Then about 3:00 a.m. I fell asleep and I dreamed. Shakespeare said mat all power lies in the world of dreams, and I believe him. Somehow sleep allows us to see clearly mose very things that are obscured by the light of day. I heard my father talking to me again, saw his huge muscles working under his flannel shirt as he pulled a ten-foot dead alligator up on a hook over the barn door. He pushed the point of the skinning knife into the thick yellow hide under the neck and then pulled it with both hands in a red line that ran from the mouth down to the white tip under the tail.
I didn't see him, no, he said. That's 'cause I was thinking like me, not like him. That 'gator don't get out on them log when he hungry. He hide under them dead leafs floating next to the levee and wait for them big fat coon come down to drink.
I woke up at dawn, dripped a pot of chicory coffee, heated a small pan of milk, cooked a half-dozen pieces of toast in the skillet, and ate breakfast out on the deck while the pink light spread across the sky and the gulls began to wheel and squeech overhead. I had always thought I was a good cop, but I was still amazed at how I sometimes overlooked what should have been obvious. My father didn't read or write, but in many ways he had learned more from hunting and fishing in the marsh than I had from my years of college education and experience as a policeman. I wondered if he wouldn't have made a better cop than I, except that he didn't like rules, authority, and people who took themselves seriously. But maybe that was his gift, I thought; he laughed at seriousness in people and consequently was never distracted by their subterfuge.
I left the houseboat at seven-thirty and was at the Jefferson Parish courthouse when it opened at eight o'clock. I found what I was looking for in a half hour. I was actually shaking when I went into the phone booth in the marble corridor and called Fitzpatrick's supervisor at the Federal Building.
"I found Larry Wineburger's warehouse," I said.
"Oh yeah?" he said.
"Yeah, that's right."
He didn't respond.
"The one the Nicaraguan mentioned on the tape," I said. "I assume you've listened to the tape."
"We did."
"It's way down in Jefferson Parish, off Barataria Road. I was looking for it under 'deeds' in the parish clerk's office. Then it hit me: Why would a slumlord like Wineburger want to buy warehouse property? He makes his real-estate money off welfare clients. A guy like Whiplash doesn't own anything that doesn't bring in a high, immediate return. So I checked leases in the Registrar of Deeds office. The law doesn't require anyone to record a lease, but a lawyer would do it automatically to protect himself."
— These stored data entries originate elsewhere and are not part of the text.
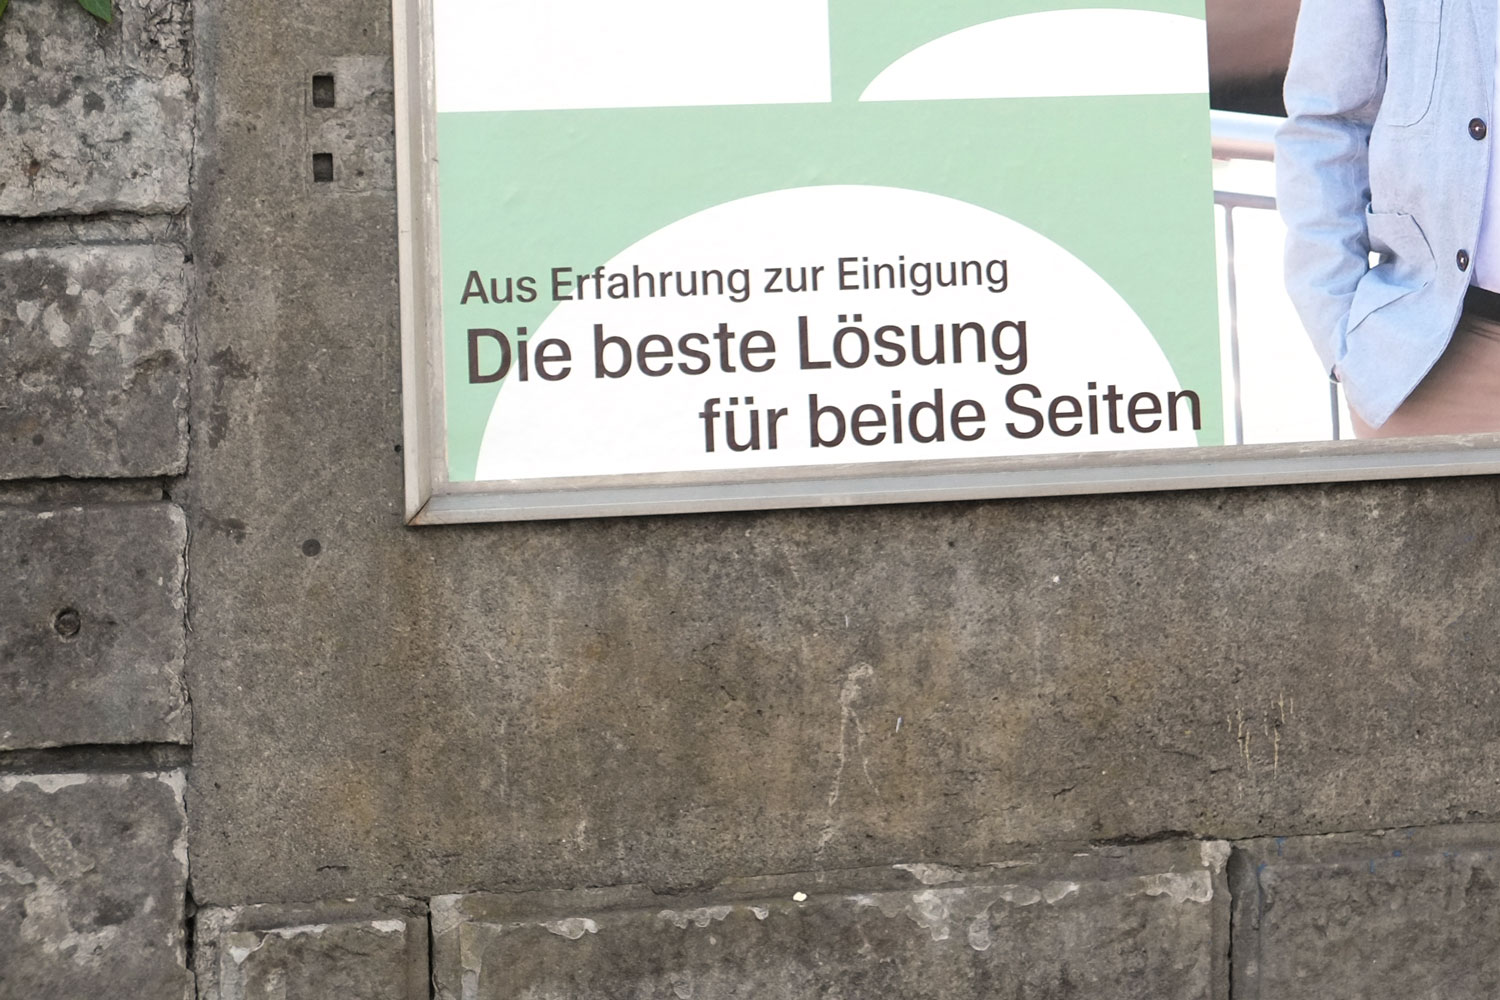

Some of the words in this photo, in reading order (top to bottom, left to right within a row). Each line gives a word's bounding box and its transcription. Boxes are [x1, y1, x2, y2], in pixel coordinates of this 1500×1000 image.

[460, 269, 538, 305] Aus
[551, 265, 752, 302] Erfahrung
[764, 258, 826, 292] zur
[838, 254, 1009, 294] Einigung
[467, 328, 573, 384] Die
[594, 323, 776, 378] beste
[799, 313, 1028, 375] Lösung
[699, 398, 789, 453] für
[809, 392, 987, 448] beide
[1004, 382, 1202, 438] Seiten
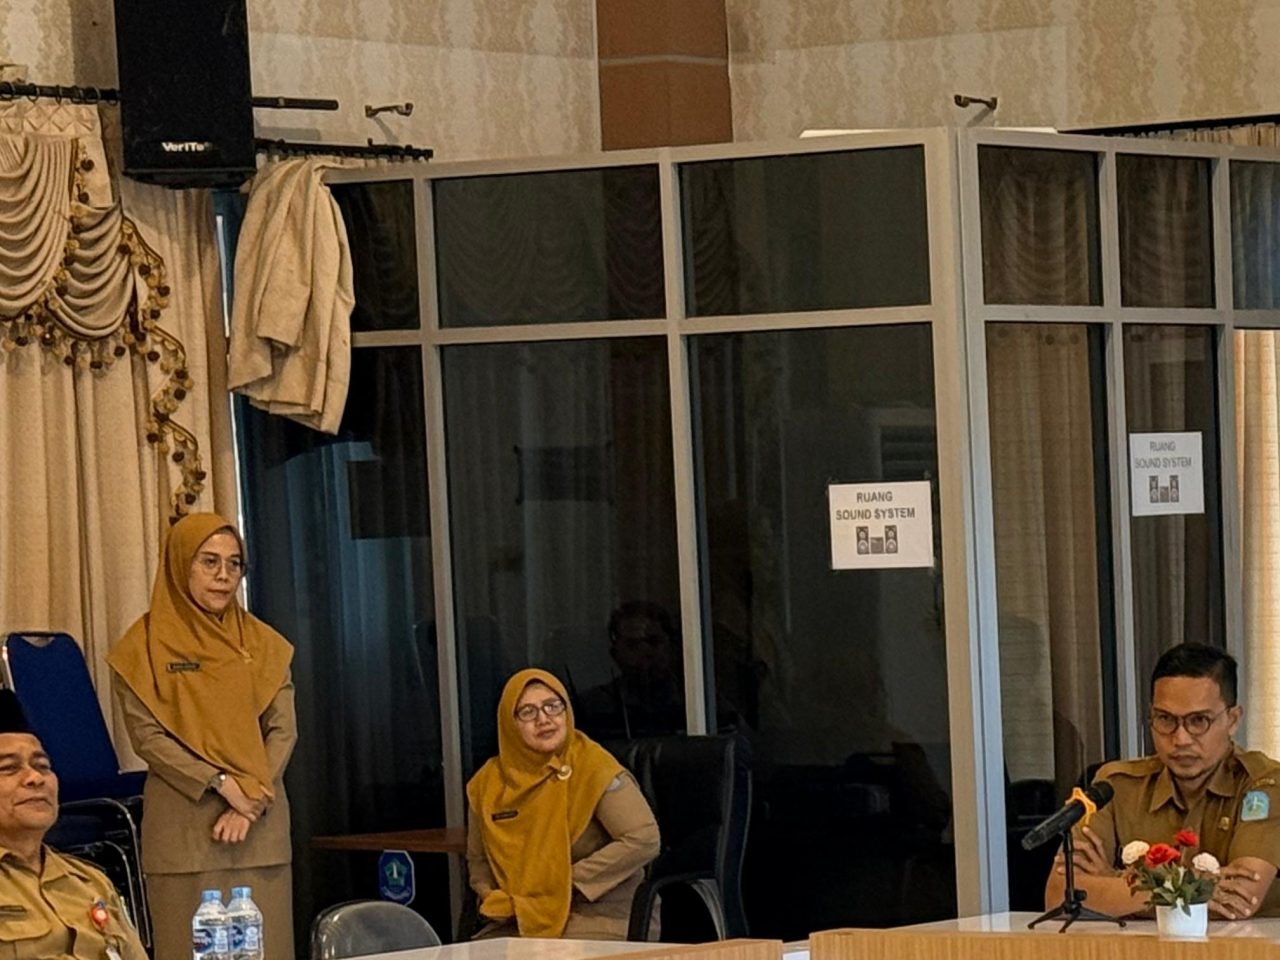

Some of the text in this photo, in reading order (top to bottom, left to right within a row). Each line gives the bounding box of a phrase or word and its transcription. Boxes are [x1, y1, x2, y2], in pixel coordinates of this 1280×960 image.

[1149, 440, 1176, 452] RUANG
[1162, 456, 1192, 468] SYSTEM
[856, 491, 893, 503] RUANG
[835, 507, 916, 521] SOUND SYSTEM
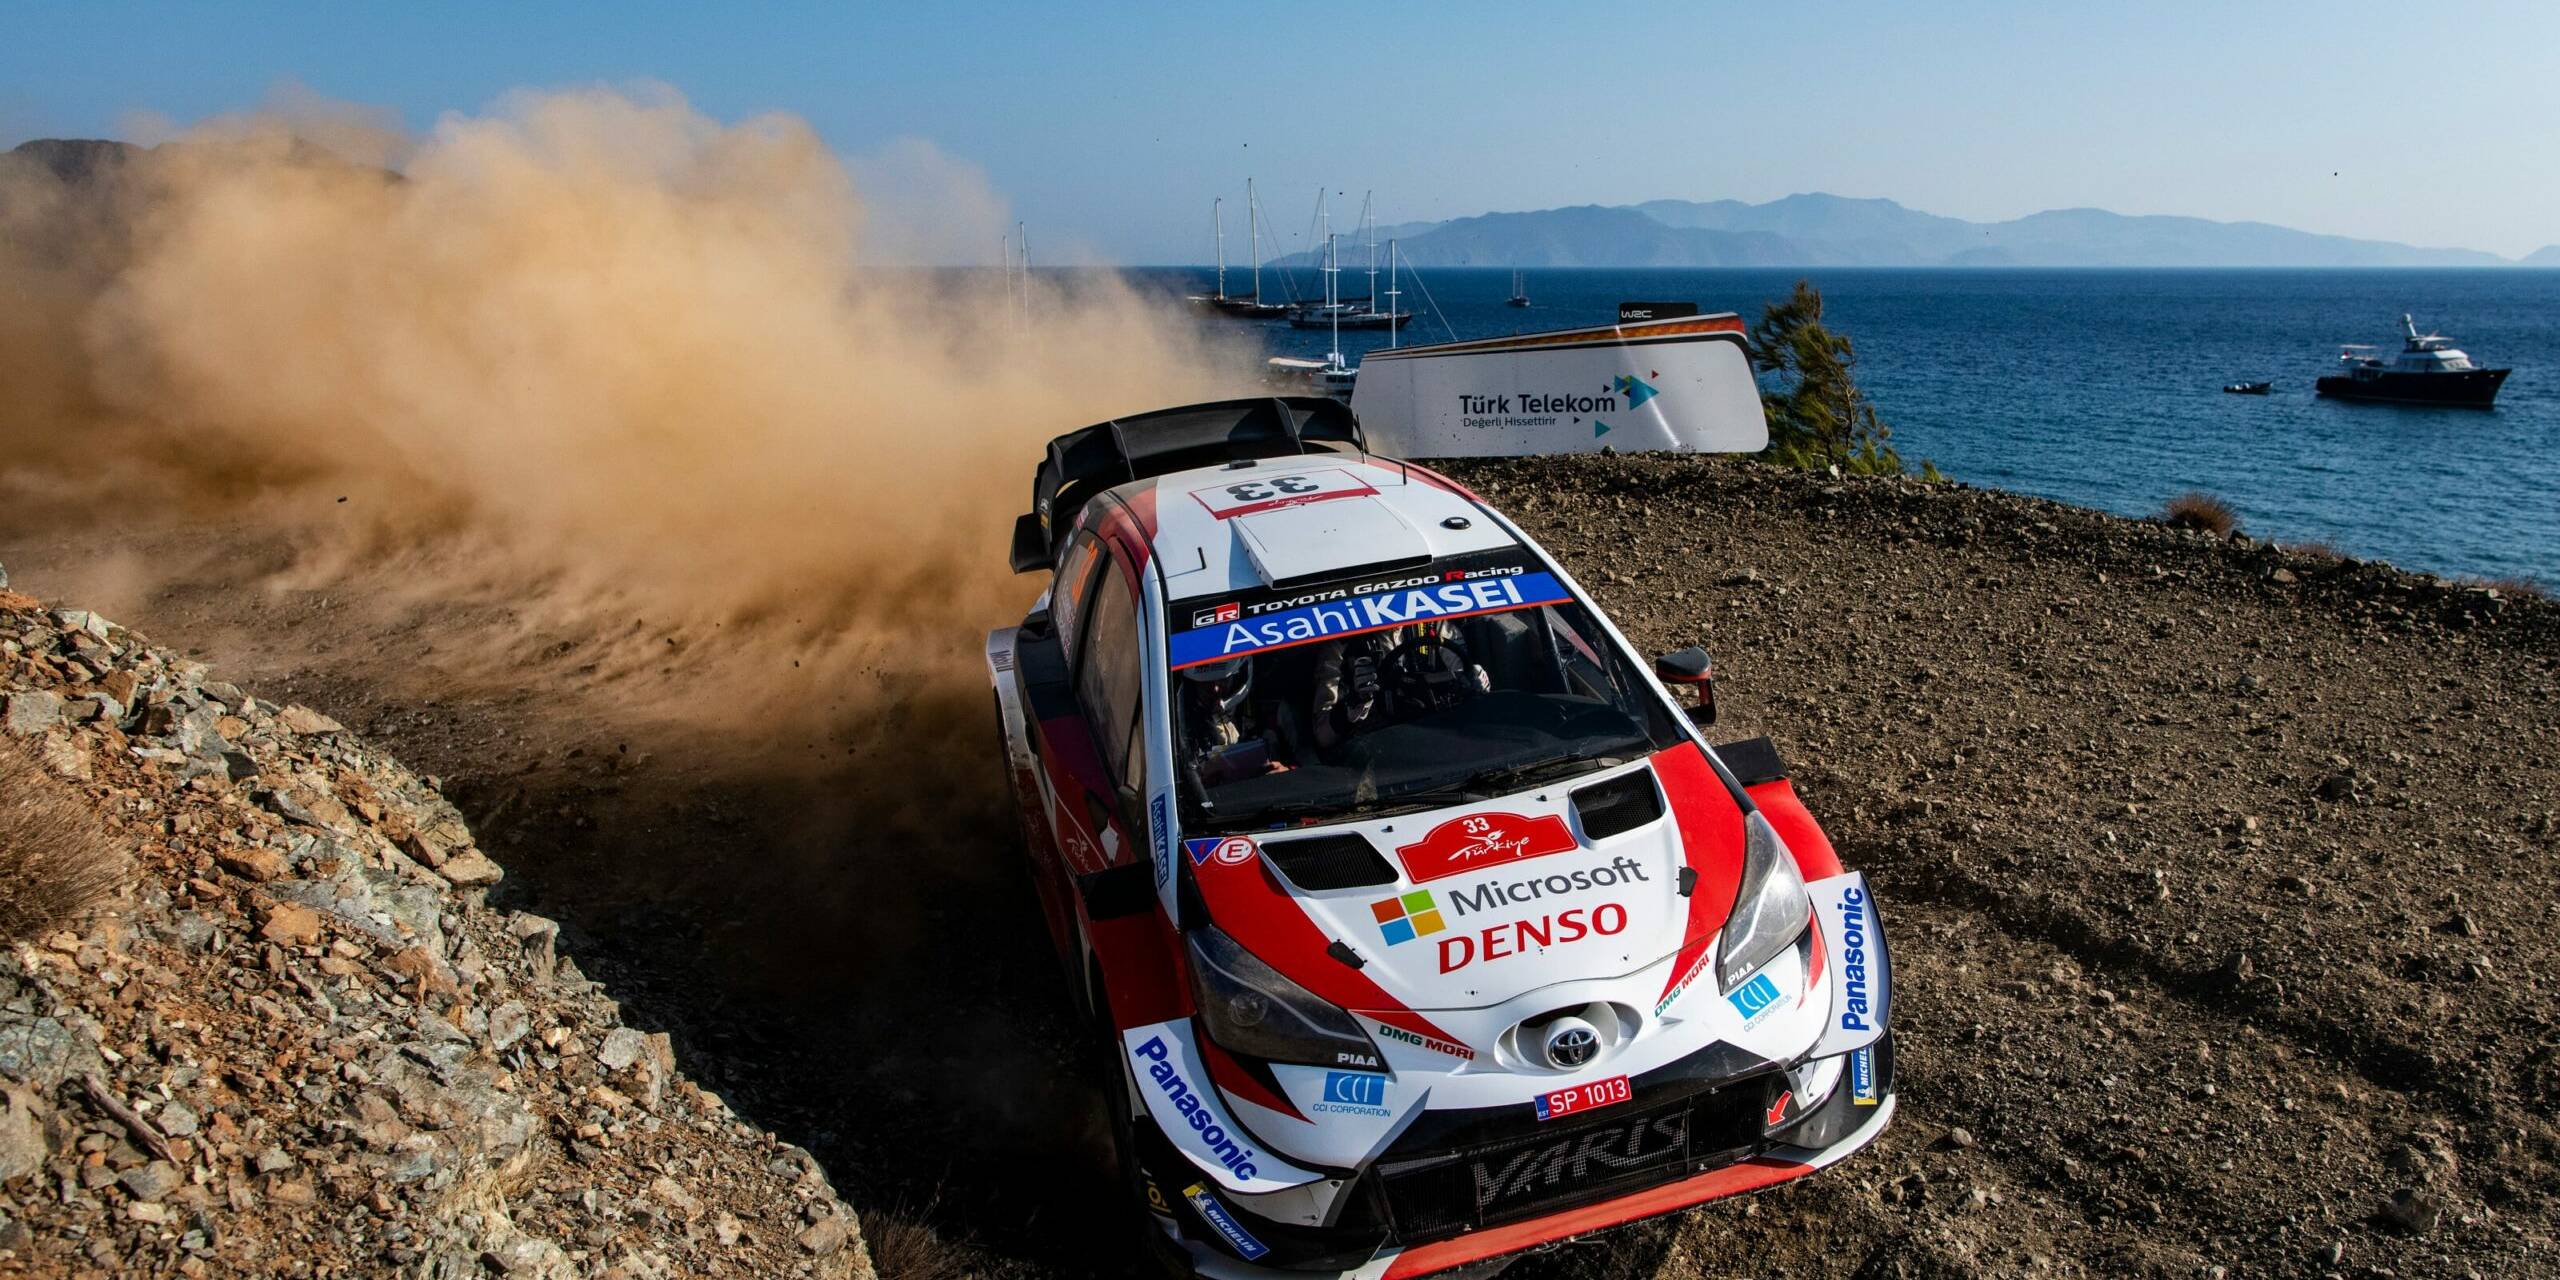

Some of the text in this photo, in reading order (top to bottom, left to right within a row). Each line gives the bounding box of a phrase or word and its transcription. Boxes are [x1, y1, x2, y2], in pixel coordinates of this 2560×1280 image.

[1621, 310, 1652, 319] WRC
[1459, 393, 1616, 415] Türk Telekom
[1463, 416, 1556, 428] Değerli Hissettirir
[1226, 476, 1319, 501] 33
[1247, 566, 1524, 614] TOYOTA GAZOO Racing
[1195, 609, 1238, 627] GR
[1462, 817, 1490, 834] 33
[1226, 843, 1244, 859] E
[1448, 856, 1649, 916] Microsoft
[1437, 903, 1628, 975] DENSO
[1727, 962, 1754, 986] PIAA
[1837, 887, 1870, 1031] Panasonic
[1655, 953, 1710, 1018] DMG MORI
[1379, 1024, 1475, 1061] DMG MORI
[1337, 1053, 1378, 1067] PIAA
[1859, 1048, 1869, 1086] MICHEL
[1336, 1074, 1370, 1103] CCI
[1550, 1079, 1627, 1113] SP 1013
[1134, 1035, 1258, 1181] Panasonic
[1312, 1104, 1391, 1117] CCI CORPORATION
[1472, 1110, 1692, 1206] YARIS
[1208, 1209, 1257, 1252] MICHELIN
"Can you tell me why it is you have to share this omniscience with us?"
"What?"
"Who gave you this divine calling? Why is it incumbent upon you to direct our investigation?"
"You want the information or not?"
"We sealed that place yesterday afternoon and cut the warrant on Wineburger last night. This morning he's developed an enormous interest in the protected-witness program."
I felt the skin of my face pinch tight in the half-light of the phone booth. The line was quiet a moment.
"What was inside?" I said.
"It's not really your business, Lieutenant."
"It is. You know it is."
"A lot of modified AR-15s, ammunition, medical supplies, and, believe it or not, a Beech King-Air B-200, outfitted with racks for electronic surveillance gear."
"A big day for the cavalry," I said.
"We're high achievers."
"What about Abshire?"
"Plays second base for the Dodgers, right? Take it easy, Robicheaux."
"You'll never win their hearts and minds."
"Before I hang up, let me add one thing. You didn't do half bad for a guy locked out in the cold. You were a good friend to Sam Fitzpatrick, too. We're not unappreciative of that. And finally, I hope this is the last conversation I ever have with you."
So I didn't know what plans, if any, they had for the general, but I knew I had to see him. I didn't like him, certainly, but I felt a peculiar kind of kinship with him. I felt I had learned something about him in the morgue at the Times-Picayune that most other people would not understand. Like those Confederate soldiers buried under the lawn of Jefferson Davis's home, some people share historical real estate that will always be their private country. And I also knew that to be free of the tiger you sometimes had to look right into the beaded orange light of his eye.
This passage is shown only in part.